## WORK ORDER
Copy out each record that follows exactly, and omit any picture you find.

## EXCERPTED DATA
· · · ·

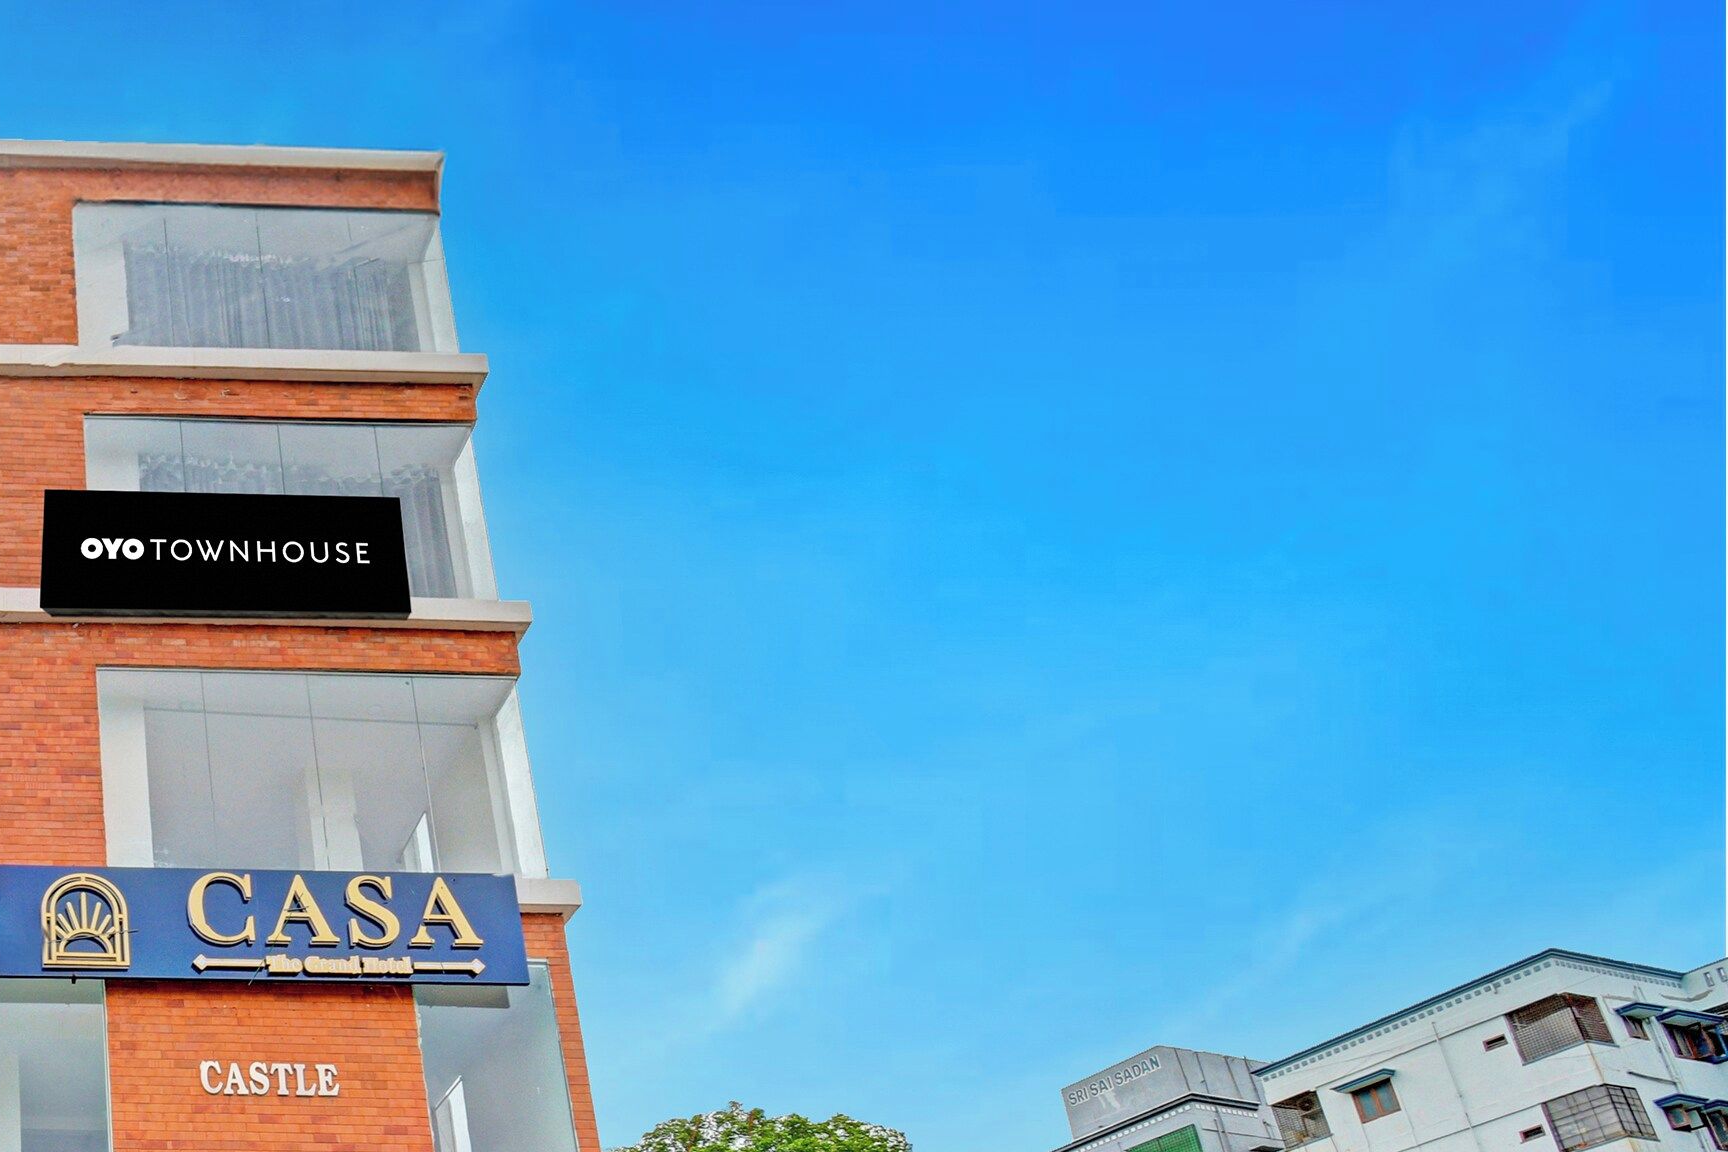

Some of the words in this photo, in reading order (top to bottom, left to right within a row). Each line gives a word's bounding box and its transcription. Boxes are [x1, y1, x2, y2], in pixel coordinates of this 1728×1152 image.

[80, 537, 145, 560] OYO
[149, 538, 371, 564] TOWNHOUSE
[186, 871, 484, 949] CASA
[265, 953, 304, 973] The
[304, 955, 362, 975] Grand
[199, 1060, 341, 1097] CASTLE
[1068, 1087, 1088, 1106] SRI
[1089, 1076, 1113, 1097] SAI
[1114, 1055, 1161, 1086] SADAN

· · · ·

## EXERCISE RESPONSE
Some of the words in this photo, in reading order (top to bottom, left to right within a row). Each line gives a word's bounding box and its transcription. Boxes are [x1, y1, x2, y2], in pixel coordinates of this 1728×1152 image.

[80, 537, 145, 560] OYO
[149, 538, 371, 564] TOWNHOUSE
[186, 871, 484, 949] CASA
[265, 953, 304, 973] The
[304, 955, 362, 975] Grand
[199, 1060, 341, 1097] CASTLE
[1068, 1087, 1088, 1106] SRI
[1089, 1076, 1113, 1097] SAI
[1114, 1055, 1161, 1086] SADAN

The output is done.